パレスチナの実質の王権を与えられた「ヘロデ王」は、世界宗教に脱皮しようとしていた「キリスト」教に強い反感を持つ「ユダヤ人」の関心を買おうとエルサレムの「初代キリスト教会」を迫害しました。その第一の対象は、ヨハネの兄弟で使徒の「ヤコブ」(使徒12章2節)でした。彼はペテロと並んで、主イエス様のお弟子達、使徒達の中で中心人物であり、最初の殉教者となりました(12章1節~2節)。エルサレムの教会にとっては、大きな打撃で、教会の中では悲痛な叫びと共に、「何故、神様に愛されているヤコブが殺されなければならないのか?」との疑問も起こったと思います。

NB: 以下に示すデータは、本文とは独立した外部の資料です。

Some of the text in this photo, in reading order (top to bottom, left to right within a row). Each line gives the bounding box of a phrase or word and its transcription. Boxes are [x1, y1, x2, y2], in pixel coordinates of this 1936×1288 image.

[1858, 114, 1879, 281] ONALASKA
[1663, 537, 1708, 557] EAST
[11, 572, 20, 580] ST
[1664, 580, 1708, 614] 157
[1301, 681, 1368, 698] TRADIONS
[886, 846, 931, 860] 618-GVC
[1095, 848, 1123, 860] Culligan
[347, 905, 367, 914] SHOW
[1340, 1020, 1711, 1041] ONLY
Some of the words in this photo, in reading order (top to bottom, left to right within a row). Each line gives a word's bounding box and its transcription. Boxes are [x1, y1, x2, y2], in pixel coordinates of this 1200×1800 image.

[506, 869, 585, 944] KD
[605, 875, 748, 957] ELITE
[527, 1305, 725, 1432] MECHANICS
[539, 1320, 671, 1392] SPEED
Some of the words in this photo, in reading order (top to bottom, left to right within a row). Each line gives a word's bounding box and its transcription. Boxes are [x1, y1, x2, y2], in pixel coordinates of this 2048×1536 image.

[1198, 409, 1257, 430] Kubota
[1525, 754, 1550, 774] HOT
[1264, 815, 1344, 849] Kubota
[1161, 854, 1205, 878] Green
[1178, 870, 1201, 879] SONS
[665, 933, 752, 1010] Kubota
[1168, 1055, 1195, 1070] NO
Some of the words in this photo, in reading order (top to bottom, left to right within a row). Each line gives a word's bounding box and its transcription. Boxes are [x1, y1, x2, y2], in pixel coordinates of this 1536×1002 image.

 更に、ヘロデ大王の血を引く「ヘロデ・アグリッパ王」は、この事に「味を占めて」、次に教会の中心人物であるペテロにも手を掛けました。彼を捕えて「過越祭」後に、民衆の前で処刑(死刑)するためでした。そのために牢屋に投獄して4人一組の兵士4組に監視させる程の厳重な警備が敷かれました。この時、エルサレムの教会は、使徒達の中から最初の殉教者ヤコブを出して痛んでいた矢先、更にその上に最高指導者のペテロも投獄され、最大の危機に瀕していました(12章3節~4節)。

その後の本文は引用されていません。